=== Exercise description ===
Nothing but the lines from the one containing "this 1932×1932 image." through the final line of the data should be repeated, and each must be exact.

=== Exercise data ===
+++++

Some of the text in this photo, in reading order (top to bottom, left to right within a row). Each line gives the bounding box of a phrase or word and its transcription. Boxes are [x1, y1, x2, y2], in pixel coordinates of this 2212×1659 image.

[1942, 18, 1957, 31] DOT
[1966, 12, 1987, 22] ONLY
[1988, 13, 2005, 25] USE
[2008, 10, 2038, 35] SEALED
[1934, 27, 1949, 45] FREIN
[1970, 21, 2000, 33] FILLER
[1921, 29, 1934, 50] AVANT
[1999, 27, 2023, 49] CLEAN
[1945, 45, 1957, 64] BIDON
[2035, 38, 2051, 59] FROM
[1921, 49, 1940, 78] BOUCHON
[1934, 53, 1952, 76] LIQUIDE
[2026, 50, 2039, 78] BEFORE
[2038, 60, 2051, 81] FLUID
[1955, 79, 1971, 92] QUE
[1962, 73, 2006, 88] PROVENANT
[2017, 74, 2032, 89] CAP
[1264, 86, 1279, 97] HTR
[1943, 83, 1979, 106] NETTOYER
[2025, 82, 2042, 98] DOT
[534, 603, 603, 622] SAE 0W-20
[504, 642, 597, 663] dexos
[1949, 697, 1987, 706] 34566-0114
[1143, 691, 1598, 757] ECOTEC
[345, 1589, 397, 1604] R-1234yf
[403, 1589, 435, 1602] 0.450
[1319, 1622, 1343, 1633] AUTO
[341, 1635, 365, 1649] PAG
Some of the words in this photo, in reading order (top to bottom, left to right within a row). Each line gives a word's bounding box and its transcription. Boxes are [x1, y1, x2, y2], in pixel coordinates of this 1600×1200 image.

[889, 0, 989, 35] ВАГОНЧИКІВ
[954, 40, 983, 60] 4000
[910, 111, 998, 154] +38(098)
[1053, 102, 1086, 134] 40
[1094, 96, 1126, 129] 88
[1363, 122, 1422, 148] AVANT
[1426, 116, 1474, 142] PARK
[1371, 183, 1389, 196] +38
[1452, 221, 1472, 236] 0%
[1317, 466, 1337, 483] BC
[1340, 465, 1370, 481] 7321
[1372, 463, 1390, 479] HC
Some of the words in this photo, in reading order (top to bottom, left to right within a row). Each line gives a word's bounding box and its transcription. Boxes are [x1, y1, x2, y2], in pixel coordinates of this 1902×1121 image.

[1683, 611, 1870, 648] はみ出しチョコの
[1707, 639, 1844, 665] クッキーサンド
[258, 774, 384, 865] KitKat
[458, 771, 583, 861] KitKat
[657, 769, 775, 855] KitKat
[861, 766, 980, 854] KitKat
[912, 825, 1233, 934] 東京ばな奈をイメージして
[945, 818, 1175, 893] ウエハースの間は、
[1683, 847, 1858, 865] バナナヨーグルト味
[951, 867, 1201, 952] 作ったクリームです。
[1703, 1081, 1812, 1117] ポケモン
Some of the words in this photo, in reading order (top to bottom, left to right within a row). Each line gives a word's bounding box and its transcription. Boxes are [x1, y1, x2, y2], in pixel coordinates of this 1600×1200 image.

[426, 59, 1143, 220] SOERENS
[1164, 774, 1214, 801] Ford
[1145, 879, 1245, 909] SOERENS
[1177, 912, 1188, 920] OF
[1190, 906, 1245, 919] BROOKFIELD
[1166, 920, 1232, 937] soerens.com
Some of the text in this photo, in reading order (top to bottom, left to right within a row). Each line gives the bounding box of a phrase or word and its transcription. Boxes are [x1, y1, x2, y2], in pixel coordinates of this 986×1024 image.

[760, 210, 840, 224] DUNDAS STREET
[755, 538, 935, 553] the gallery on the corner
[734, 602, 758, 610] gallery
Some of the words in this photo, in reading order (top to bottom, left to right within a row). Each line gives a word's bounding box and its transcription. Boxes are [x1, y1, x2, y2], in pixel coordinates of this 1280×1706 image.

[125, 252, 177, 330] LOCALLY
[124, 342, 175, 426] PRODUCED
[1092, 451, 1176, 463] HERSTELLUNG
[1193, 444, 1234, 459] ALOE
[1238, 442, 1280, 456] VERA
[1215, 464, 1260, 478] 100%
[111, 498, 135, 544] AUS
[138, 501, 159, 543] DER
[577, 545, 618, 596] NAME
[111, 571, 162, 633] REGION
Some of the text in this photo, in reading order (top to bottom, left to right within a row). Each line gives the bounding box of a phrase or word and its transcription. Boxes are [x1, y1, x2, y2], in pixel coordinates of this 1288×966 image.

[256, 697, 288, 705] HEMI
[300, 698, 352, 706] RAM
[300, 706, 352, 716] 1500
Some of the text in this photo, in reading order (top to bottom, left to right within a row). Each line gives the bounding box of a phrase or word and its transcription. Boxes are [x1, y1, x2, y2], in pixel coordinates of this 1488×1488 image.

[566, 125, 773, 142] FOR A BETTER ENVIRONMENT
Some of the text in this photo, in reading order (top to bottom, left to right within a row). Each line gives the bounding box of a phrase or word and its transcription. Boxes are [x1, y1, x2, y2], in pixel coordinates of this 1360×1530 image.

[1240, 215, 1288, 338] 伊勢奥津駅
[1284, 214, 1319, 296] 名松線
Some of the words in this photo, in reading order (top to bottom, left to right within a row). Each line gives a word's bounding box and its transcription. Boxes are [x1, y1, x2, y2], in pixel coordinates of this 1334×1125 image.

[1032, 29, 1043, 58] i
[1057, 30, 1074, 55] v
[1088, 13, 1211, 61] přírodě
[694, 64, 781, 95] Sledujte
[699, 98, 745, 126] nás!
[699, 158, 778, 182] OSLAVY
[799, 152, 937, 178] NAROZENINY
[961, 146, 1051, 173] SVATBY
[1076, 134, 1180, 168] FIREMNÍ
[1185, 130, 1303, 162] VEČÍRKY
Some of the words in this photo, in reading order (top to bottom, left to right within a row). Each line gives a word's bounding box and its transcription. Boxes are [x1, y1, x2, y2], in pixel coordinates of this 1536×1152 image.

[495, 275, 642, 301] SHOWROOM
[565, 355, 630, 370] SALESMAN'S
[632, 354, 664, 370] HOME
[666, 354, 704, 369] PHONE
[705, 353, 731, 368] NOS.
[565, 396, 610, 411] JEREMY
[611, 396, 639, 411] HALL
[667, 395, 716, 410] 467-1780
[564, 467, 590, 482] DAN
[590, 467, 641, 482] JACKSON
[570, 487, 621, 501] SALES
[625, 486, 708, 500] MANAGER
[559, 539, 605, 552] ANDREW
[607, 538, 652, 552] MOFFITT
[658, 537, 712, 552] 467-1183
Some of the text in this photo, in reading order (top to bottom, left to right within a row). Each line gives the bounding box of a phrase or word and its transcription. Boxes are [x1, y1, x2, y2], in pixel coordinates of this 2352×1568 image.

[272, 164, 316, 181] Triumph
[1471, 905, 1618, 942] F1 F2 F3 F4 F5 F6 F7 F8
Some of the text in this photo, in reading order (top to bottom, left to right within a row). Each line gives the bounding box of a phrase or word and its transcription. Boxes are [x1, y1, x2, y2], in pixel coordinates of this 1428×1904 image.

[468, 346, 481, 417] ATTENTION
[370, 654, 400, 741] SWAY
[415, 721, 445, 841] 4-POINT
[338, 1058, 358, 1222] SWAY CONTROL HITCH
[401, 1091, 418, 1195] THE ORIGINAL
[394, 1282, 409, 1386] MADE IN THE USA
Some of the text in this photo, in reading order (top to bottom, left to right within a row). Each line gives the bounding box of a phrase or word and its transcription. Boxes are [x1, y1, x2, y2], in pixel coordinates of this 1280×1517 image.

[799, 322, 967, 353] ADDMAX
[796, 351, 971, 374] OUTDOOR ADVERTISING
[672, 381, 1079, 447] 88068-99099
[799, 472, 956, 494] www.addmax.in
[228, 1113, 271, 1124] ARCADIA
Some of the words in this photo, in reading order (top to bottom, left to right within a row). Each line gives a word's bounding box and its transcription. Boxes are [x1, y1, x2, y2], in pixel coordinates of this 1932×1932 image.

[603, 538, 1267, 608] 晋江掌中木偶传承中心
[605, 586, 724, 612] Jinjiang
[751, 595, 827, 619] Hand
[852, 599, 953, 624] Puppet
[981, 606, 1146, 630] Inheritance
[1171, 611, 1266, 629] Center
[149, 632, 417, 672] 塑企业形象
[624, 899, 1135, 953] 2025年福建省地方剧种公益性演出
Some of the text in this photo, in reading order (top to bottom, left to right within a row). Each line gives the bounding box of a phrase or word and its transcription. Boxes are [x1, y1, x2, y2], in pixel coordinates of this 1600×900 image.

+++++

=== Response box ===
Some of the words in this photo, in reading order (top to bottom, left to right within a row). Each line gives a word's bounding box and its transcription. Boxes are [x1, y1, x2, y2], in pixel coordinates of this 1932×1932 image.

[603, 538, 1267, 608] 晋江掌中木偶传承中心
[605, 586, 724, 612] Jinjiang
[751, 595, 827, 619] Hand
[852, 599, 953, 624] Puppet
[981, 606, 1146, 630] Inheritance
[1171, 611, 1266, 629] Center
[149, 632, 417, 672] 塑企业形象
[624, 899, 1135, 953] 2025年福建省地方剧种公益性演出
Some of the text in this photo, in reading order (top to bottom, left to right within a row). Each line gives the bounding box of a phrase or word and its transcription. Boxes are [x1, y1, x2, y2], in pixel coordinates of this 1600×900 image.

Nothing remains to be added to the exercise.